Hablando de este modo, el duque casi llegó a convencer a Melchor, cuya imaginación se exaltó por fin con la idea de que llegaría a ser realmente amado y a hacer rica y feliz a Mariquita.

-No me alejaré de aquí -añadió el duque después de haber observado detenidamente los trabajos de Melchor- sin que usted me venda estos dos magníficos ramilletes con los cuales adornaré mi chimenea. He aquí doce mil reales. Si le pareciese a usted poco...

-¡Poco!... -repuso Melchor asombrado-; mis ramilletes no valen tanto, ni la tercera parte siquiera.

-De cualquier modo, podrían valerlo para mí, y aun cuando fuesen realmente caros en ese precio, lo que no creo, mañana podría cobrarme en los demás trabajos que espero ha de hacerme. Dos cosas voy ahora a pedirle antes de retirarme. Deseo que sepa el mundo la inocencia de Mariquita, aunque sin mentar para nada el nombre de mi Dorotea, y que se sepa asimismo que usted sigue amándola como siempre; puede usted añadir, sin temor a ofenderme, que el caballerete que por equivocación la detuvo en medio de la calle era viejo y feo como las muecas de un ogro. Lo principal de esto es que la honra de Mariquita quede tan limpia como lo merece.

-Eso corre de mi cuenta.

-Gracias... mas otra corre de la mía, y es que para indemnizarle los daños que involuntariamente he causado a esa pobre niña, quisiera que para el día en que ésta se case, sea con quien fuere, reserve su tía esta pequeña bolsa. Ni tengo hijos ni parientes cercanos, y, siendo dueño de una inmensa fortuna, no me parece fuera del caso hacer este pequeño dispendio en favor de la sobrina de mi amada.

-Caballero, veo que es usted generoso, mas no sé si doña Dorotea consentirá, y valiera más que usted mismo...

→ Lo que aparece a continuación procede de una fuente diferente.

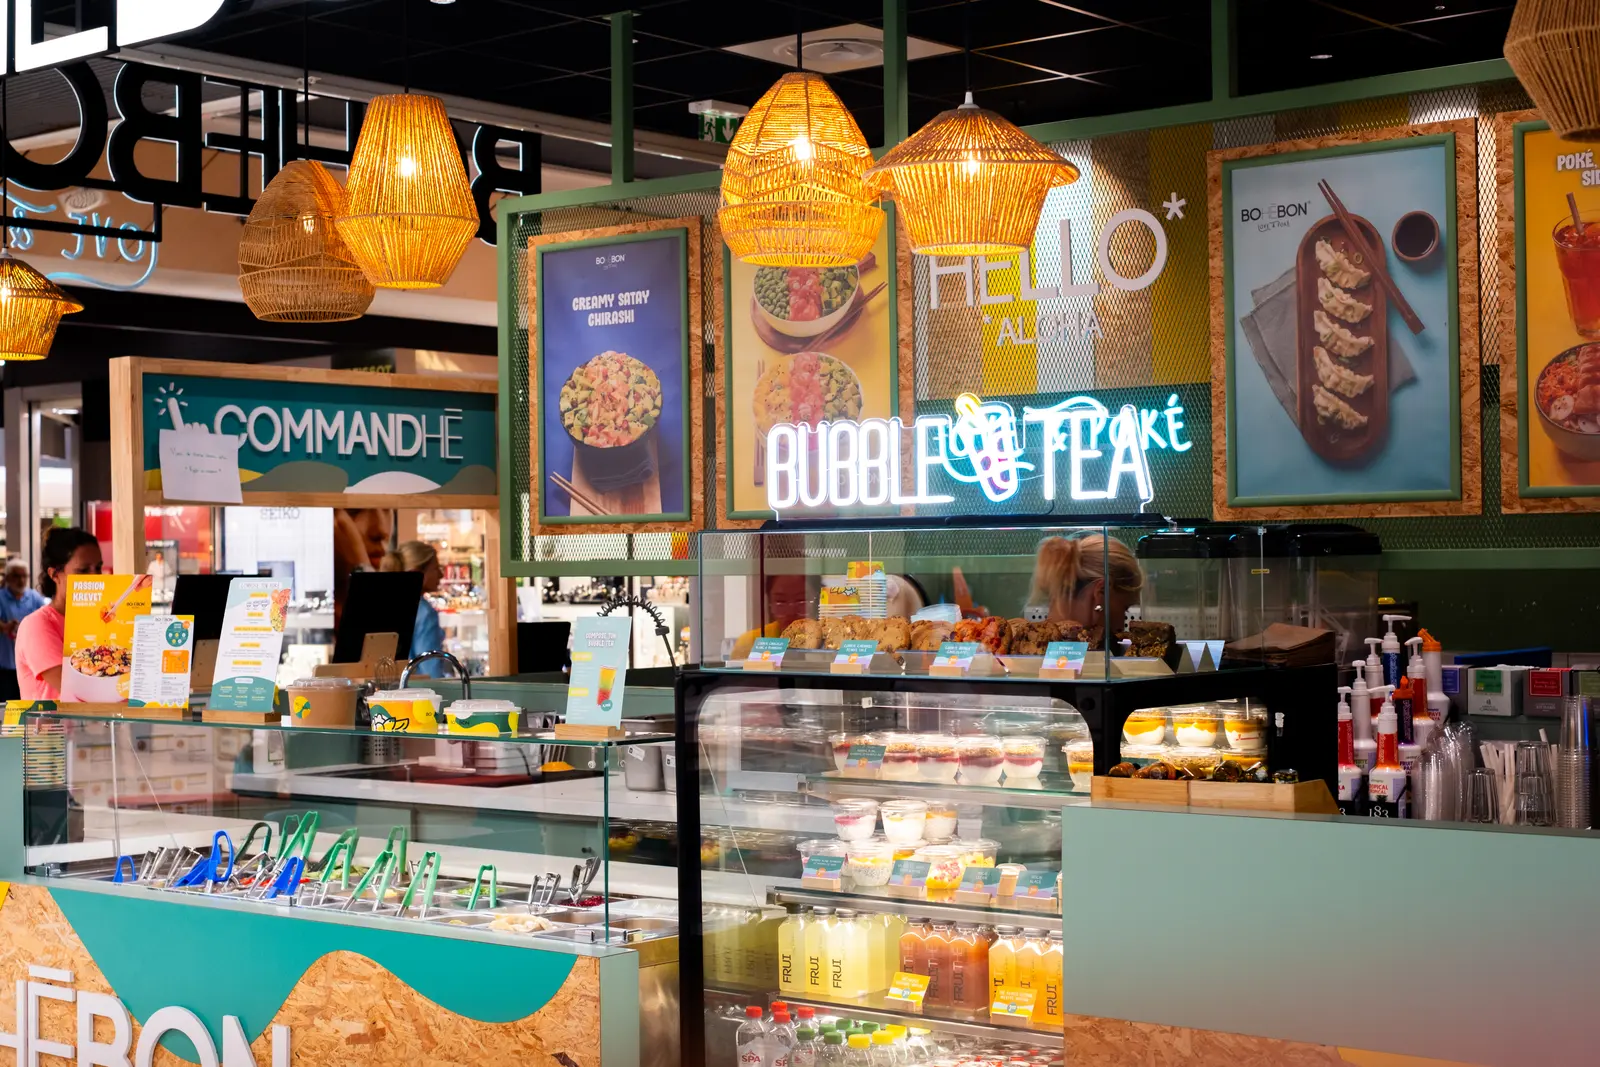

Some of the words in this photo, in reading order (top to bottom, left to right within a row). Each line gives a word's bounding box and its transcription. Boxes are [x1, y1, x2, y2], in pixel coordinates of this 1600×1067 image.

[572, 293, 615, 311] CREAMY
[618, 289, 650, 306] SATAY
[588, 309, 635, 327] CHIRASHI
[767, 413, 955, 508] BUBBLE
[1024, 404, 1152, 501] TEA
[260, 507, 300, 521] SEIKO
[73, 581, 105, 590] PASSION
[72, 592, 103, 602] KREVET
[741, 1054, 761, 1064] SPA

-No me he atrevido a presentarme delante de ella por el lance de Mariquita. Sin embargo, entréguele la bolsa y dígale que, si en compañía de usted quiere presentarse en el palacio de la Albuérniga el domingo por la noche, le daré explicaciones que a ambos nos convienen.

-A esa hora recelará acaso...

-Por mi honor que no debe recelar. Hasta entonces no me hallará en Madrid, y después de esa noche, en la cual me visitarán también otras personas, me ausentaré otra vez no sé por cuánto tiempo. Tal es la causa que me obliga a pedirle tan gran sacrificio.

Aturdido Melchor con lo que le pasaba, consintió en cuanto le propuso el duque, que se despidió al fin añadiendo:

-Y díganle lo que quieran de cierto duende que trae revuelta a la corte, no olvide usted que ese duende tiene un corazón noble y que su dinero es realmente dinero contante y sonante.